▶ Records
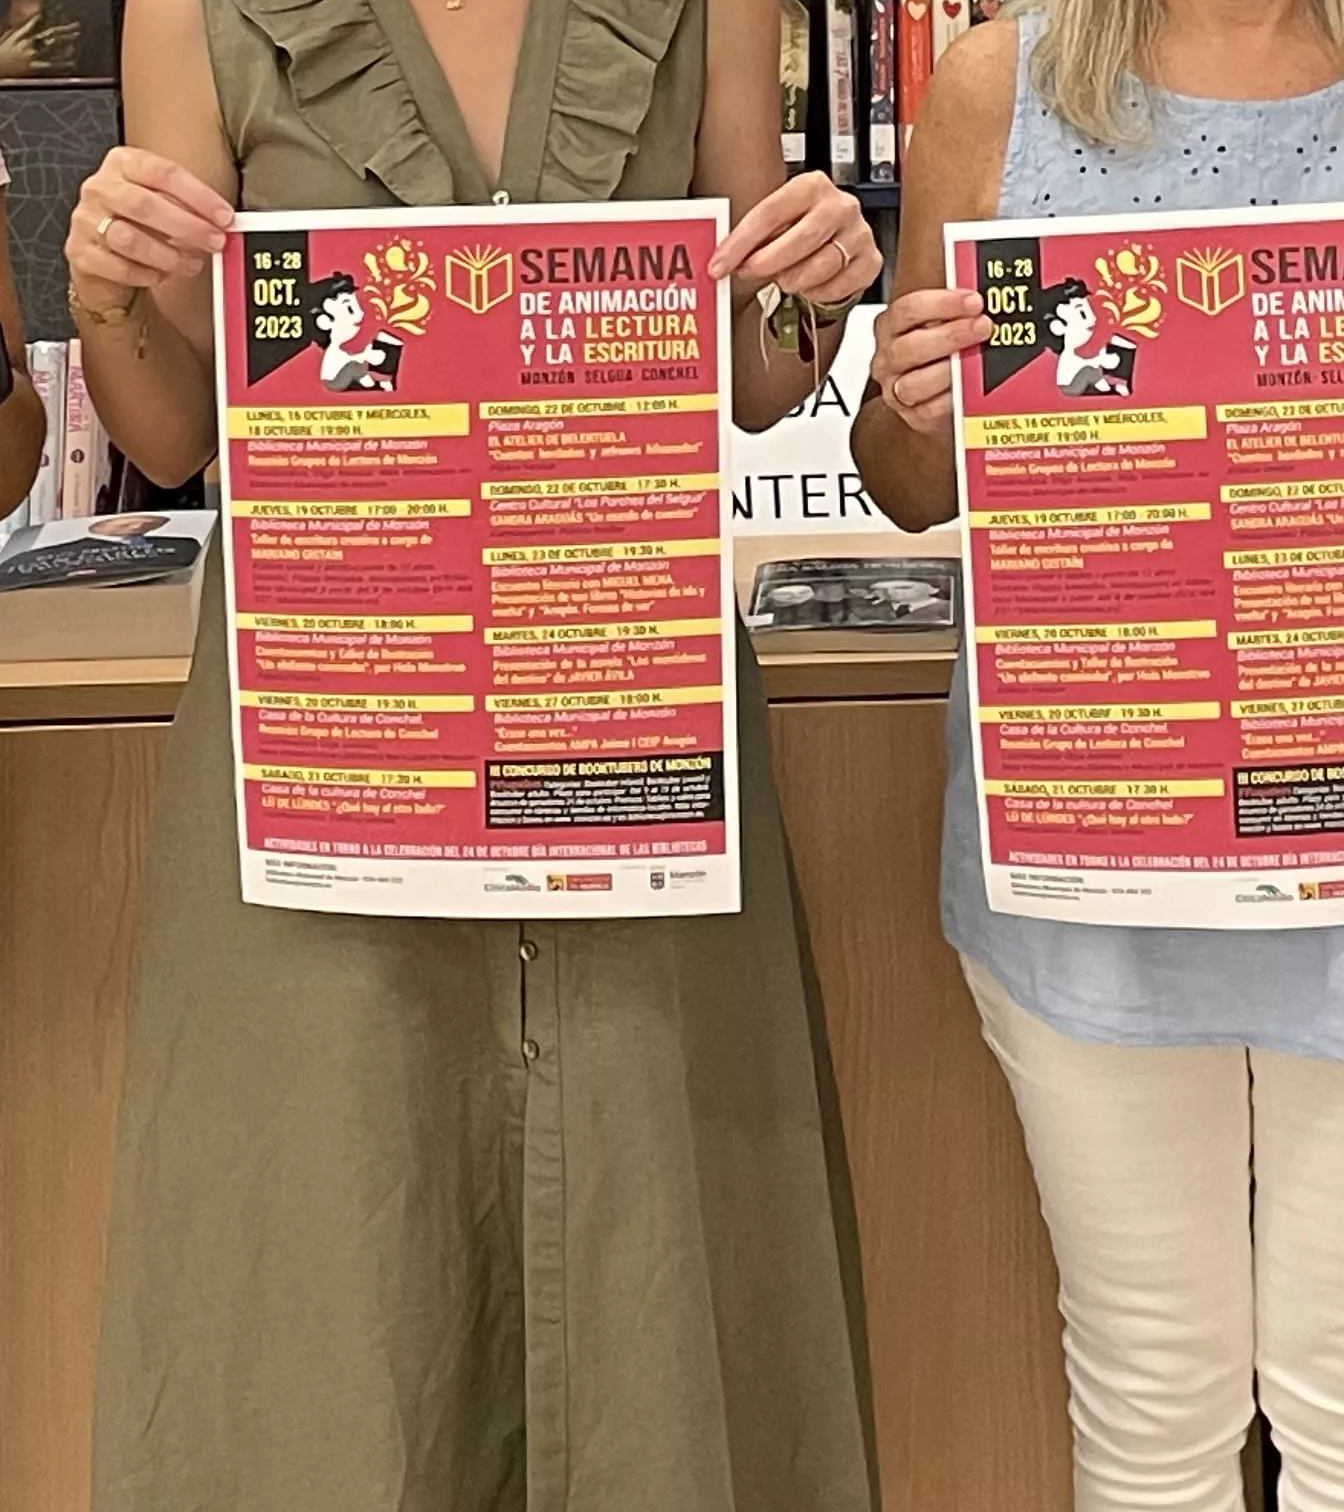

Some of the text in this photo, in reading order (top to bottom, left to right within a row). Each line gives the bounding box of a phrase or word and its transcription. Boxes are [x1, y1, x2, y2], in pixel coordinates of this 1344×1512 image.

[254, 252, 272, 270] 16
[283, 251, 302, 269] 28
[520, 244, 693, 284] SEMANA
[987, 260, 1004, 279] 16
[254, 278, 301, 306] OCT.
[520, 282, 697, 316] DE ANIMACIÓN
[987, 284, 1034, 314] OCT.
[1252, 291, 1285, 317] DE
[255, 316, 304, 340] 2023
[520, 313, 698, 341] A LA LECTURA
[988, 322, 1037, 347] 2023
[1254, 318, 1269, 342] A
[1279, 317, 1310, 341] LA
[520, 338, 701, 366] Y LA ESCRITURA
[1254, 344, 1269, 367] Y
[1280, 343, 1309, 367] LA
[521, 365, 699, 385] MONZÓN SELGUA CONCHEL
[1257, 370, 1313, 387] MONZÓN
[565, 547, 612, 559] OCTUBRE
[1063, 707, 1111, 720] OCTUBRE

▶ Work instruction
If the data includes images, omit them, and set down everything else exactly as above.

▶ Completed exercise
Some of the text in this photo, in reading order (top to bottom, left to right within a row). Each line gives the bounding box of a phrase or word and its transcription. Boxes are [x1, y1, x2, y2], in pixel coordinates of this 1344×1512 image.

[254, 252, 272, 270] 16
[283, 251, 302, 269] 28
[520, 244, 693, 284] SEMANA
[987, 260, 1004, 279] 16
[254, 278, 301, 306] OCT.
[520, 282, 697, 316] DE ANIMACIÓN
[987, 284, 1034, 314] OCT.
[1252, 291, 1285, 317] DE
[255, 316, 304, 340] 2023
[520, 313, 698, 341] A LA LECTURA
[988, 322, 1037, 347] 2023
[1254, 318, 1269, 342] A
[1279, 317, 1310, 341] LA
[520, 338, 701, 366] Y LA ESCRITURA
[1254, 344, 1269, 367] Y
[1280, 343, 1309, 367] LA
[521, 365, 699, 385] MONZÓN SELGUA CONCHEL
[1257, 370, 1313, 387] MONZÓN
[565, 547, 612, 559] OCTUBRE
[1063, 707, 1111, 720] OCTUBRE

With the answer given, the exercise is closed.